= TASK =
Set every record down again exactly. Do not carry over the pictures.

= EXERCISE DATA =
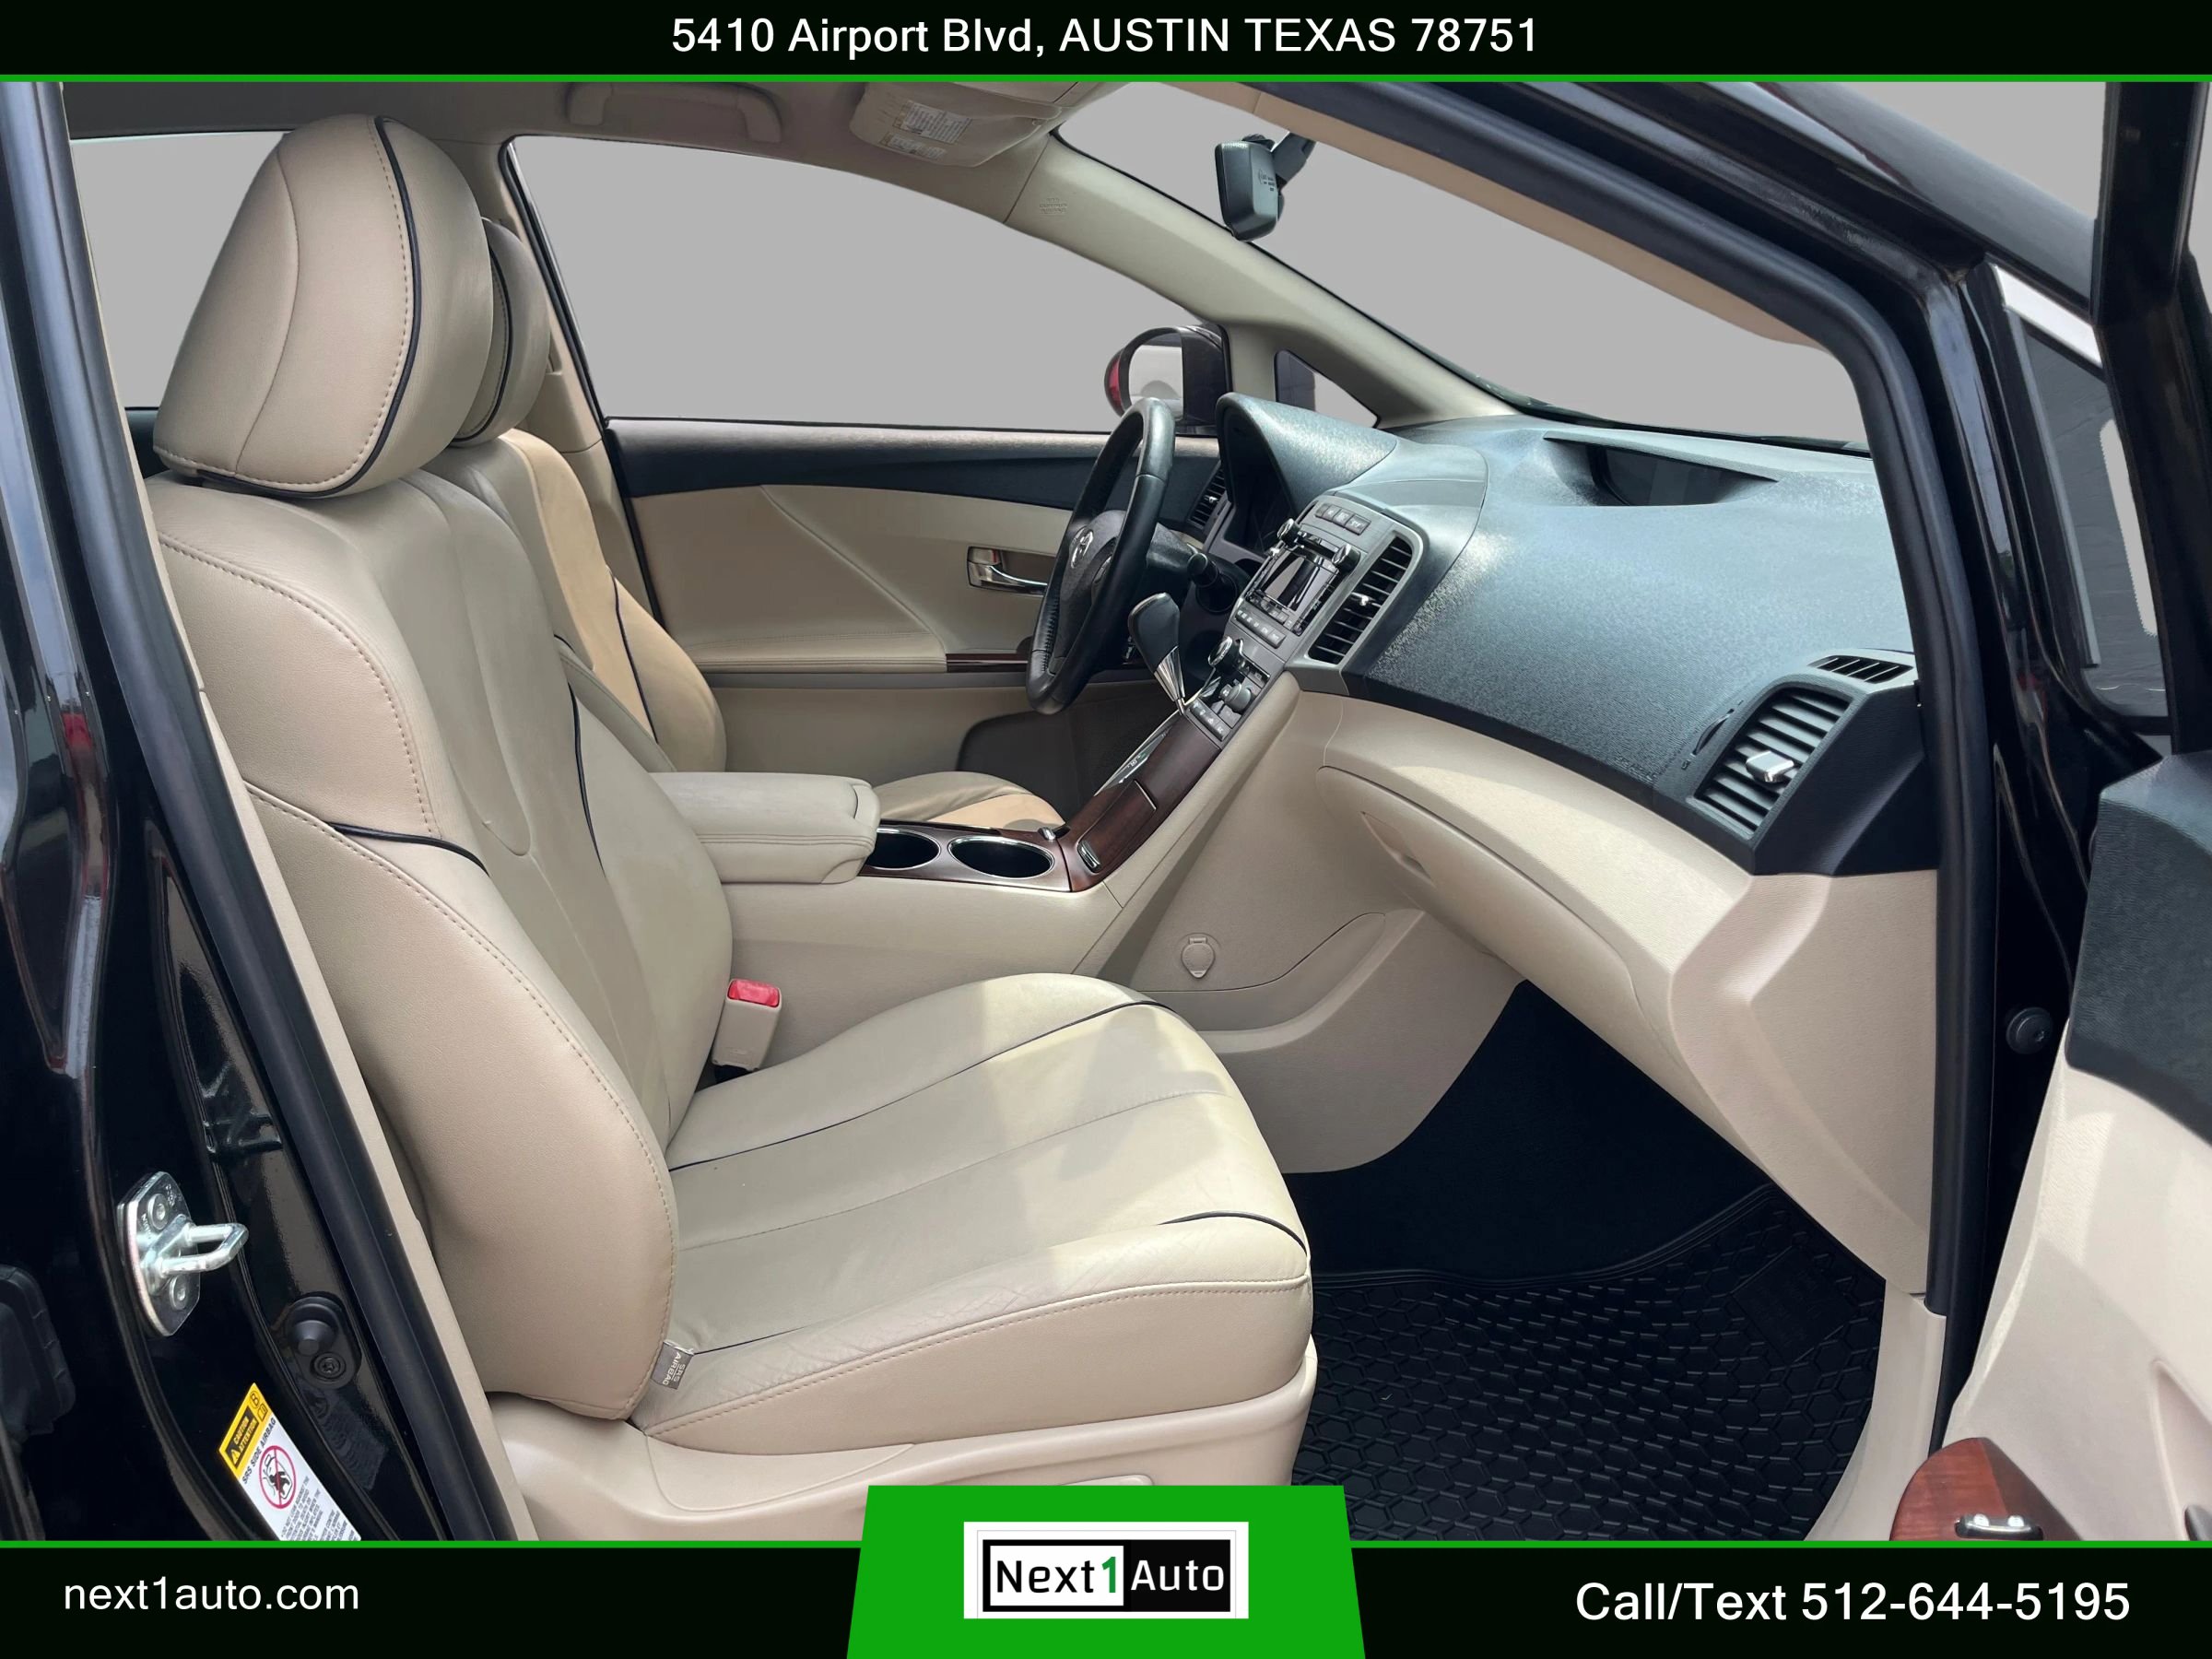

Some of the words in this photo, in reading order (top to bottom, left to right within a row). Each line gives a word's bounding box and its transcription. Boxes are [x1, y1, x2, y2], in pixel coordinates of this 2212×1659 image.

[663, 1351, 682, 1385] AIRBAG
[241, 1465, 252, 1484] SRS
[250, 1445, 261, 1467] SIDE
[259, 1417, 276, 1448] AIRBAG
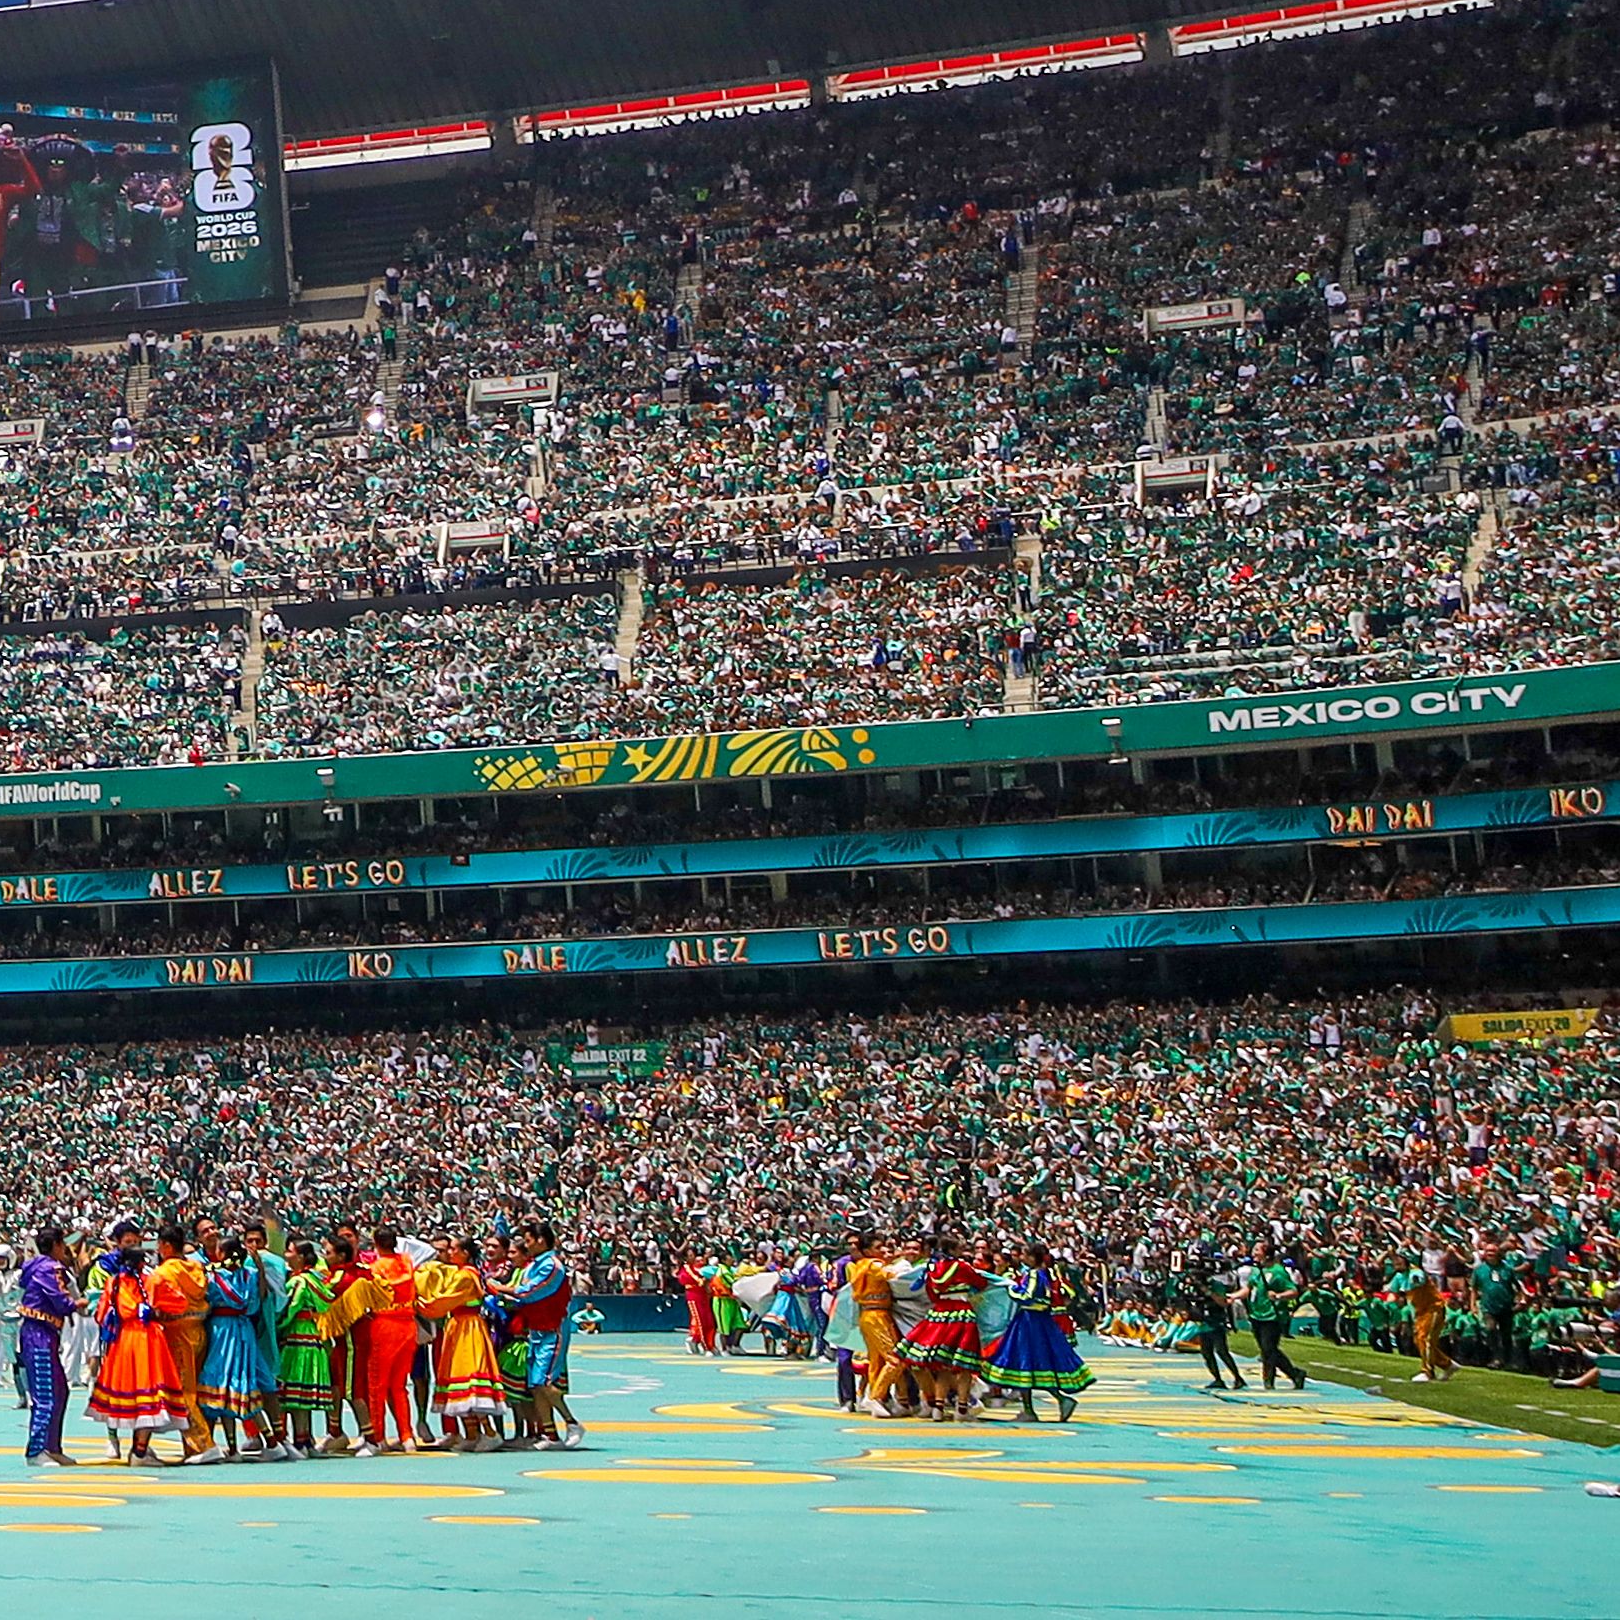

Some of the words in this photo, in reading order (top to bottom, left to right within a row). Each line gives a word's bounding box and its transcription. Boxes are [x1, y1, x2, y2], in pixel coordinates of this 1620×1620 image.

[213, 193, 239, 203] FIFA
[196, 213, 233, 224] WORLD
[235, 211, 256, 221] CUP
[197, 221, 257, 238] 2026
[196, 236, 260, 252] MEXICO
[209, 249, 247, 262] CITY
[1208, 695, 1400, 733] MEXICO
[1410, 683, 1527, 717] CITY
[1549, 787, 1606, 818] IKO
[1326, 805, 1376, 835] DAI
[1383, 800, 1435, 830] DAI
[149, 869, 224, 898] ALLEZ
[287, 860, 359, 891] LET'S
[367, 859, 405, 886] GO
[0, 878, 59, 904] DALE
[665, 936, 749, 968] ALLEZ
[817, 926, 898, 960] LET'S
[907, 926, 949, 954] GO
[166, 959, 206, 985] DAI
[212, 956, 252, 983] DAI
[347, 952, 394, 978] IKO
[503, 946, 568, 974] DALE
[609, 1049, 631, 1061] EXIT
[632, 1049, 647, 1062] 22

= ANSWER SPACE =
Some of the words in this photo, in reading order (top to bottom, left to right within a row). Each line gives a word's bounding box and its transcription. Boxes are [x1, y1, x2, y2], in pixel coordinates of this 2212×1659 image.

[663, 1351, 682, 1385] AIRBAG
[241, 1465, 252, 1484] SRS
[250, 1445, 261, 1467] SIDE
[259, 1417, 276, 1448] AIRBAG

Some of the words in this photo, in reading order (top to bottom, left to right within a row). Each line gives a word's bounding box and its transcription. Boxes are [x1, y1, x2, y2], in pixel coordinates of this 1620×1620 image.

[213, 193, 239, 203] FIFA
[196, 213, 233, 224] WORLD
[235, 211, 256, 221] CUP
[197, 221, 257, 238] 2026
[196, 236, 260, 252] MEXICO
[209, 249, 247, 262] CITY
[1208, 695, 1400, 733] MEXICO
[1410, 683, 1527, 717] CITY
[1549, 787, 1606, 818] IKO
[1326, 805, 1376, 835] DAI
[1383, 800, 1435, 830] DAI
[149, 869, 224, 898] ALLEZ
[287, 860, 359, 891] LET'S
[367, 859, 405, 886] GO
[0, 878, 59, 904] DALE
[665, 936, 749, 968] ALLEZ
[817, 926, 898, 960] LET'S
[907, 926, 949, 954] GO
[166, 959, 206, 985] DAI
[212, 956, 252, 983] DAI
[347, 952, 394, 978] IKO
[503, 946, 568, 974] DALE
[609, 1049, 631, 1061] EXIT
[632, 1049, 647, 1062] 22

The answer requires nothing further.